“I’m not against anyone, but I’m against anyone who oppresses
anyone.” That statement of resistance, from an older sister who runs a school
(her story another day!), strikes a theme that we Church journalists heard again
and again on this immersion trip. We are in Bethlehem,
after all, on Israel’s West Bank, part of the Palestinian territory under
control of the Israeli government. Sentiments of absolute frustration are easy
to find in Palestine.
The place where we
heard it most clearly was later this day, at Bethlehem University,
from a panel of five bright, young students. They look no different from students
at Ohio State,
Miami University or the University of Notre Dame, where I have recent
experience with my own sons. This is a booming college campus.
(photo by John Feister)
These well-dressed Bethlehem students sit in the front of a
lecture hall and walk us through the frustration that each one suffers simply
for being Palestinian. Frankly, the whole thing reminds me of all of the complicated
methods of the racist system that plagued the southern United States for
decades before the Civil Rights Movement. There were all sorts of laws, rules
and expectations in the South designed to wear away at people of color, day in
and day out. It was repulsive there; it’s repulsive here.

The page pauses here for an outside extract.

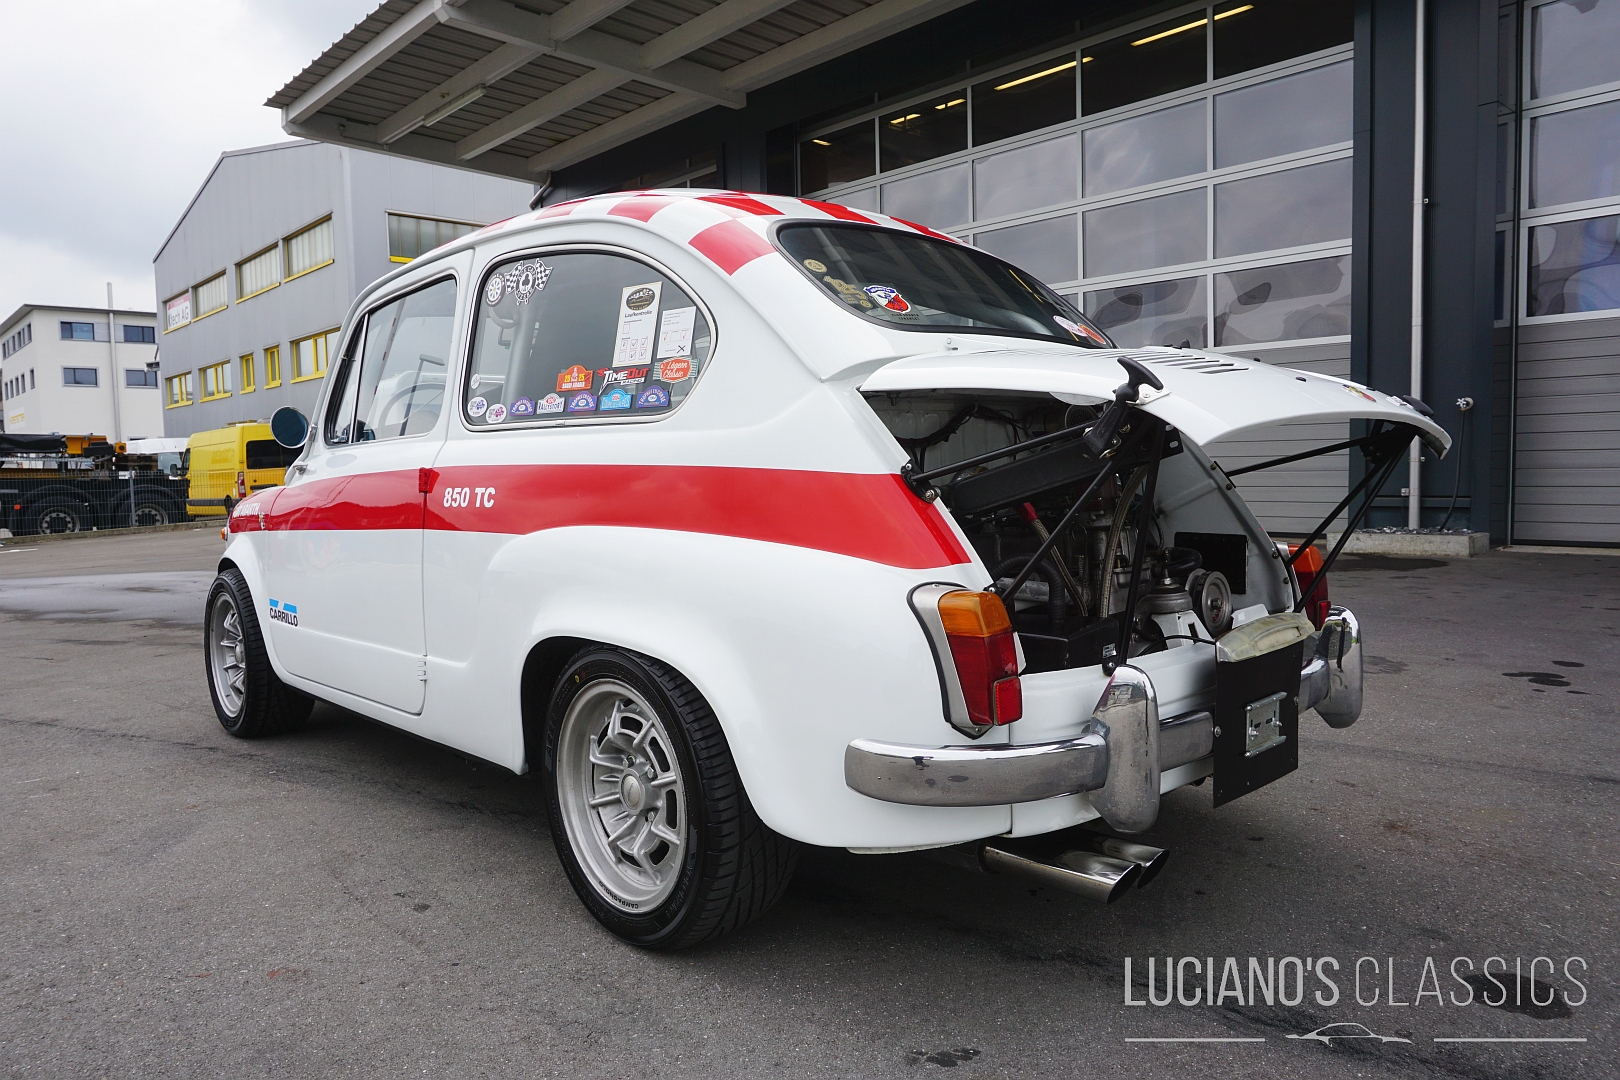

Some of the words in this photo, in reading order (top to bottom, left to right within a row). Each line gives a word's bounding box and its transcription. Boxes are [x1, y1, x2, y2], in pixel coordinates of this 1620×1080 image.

The Bethlehem University students explain to us in
detail how second-class treatment at the hands of the Israeli government and
many citizens is holding them back. These pleasant students sound hurt and indignant at the treatment they endure daily.
They stay at the school dorms during
the week, because it is simply impossible to predict how long their
hour-or-less commutes might really take. People can be routinely held up at the
Israeli checkpoints for hours. Christina shared some of her own experiences
Jacoub expressed frustration at
living so close to the Mediterranean, but
being blocked by a wall from going to the beach. We’ll be posting a video of
the students’ testimony sometime next week.
New Zealander Christian Brother Peter
Ray, vice chancellor for the university, explains that these youth will be key
for Palestine’s future: “When peace comes, Palestine will need
creative, resourceful people. Bethlehem
University is going to
create that pool.”
When will that
peace come? Brother Peter explains that he is not optimistic about President Barack
Obama’s peace talks. “But 30 years ago I would have said the same thing about South Africa.”
Something unexplainable changed things. It was the work of the Holy Spirit, he says.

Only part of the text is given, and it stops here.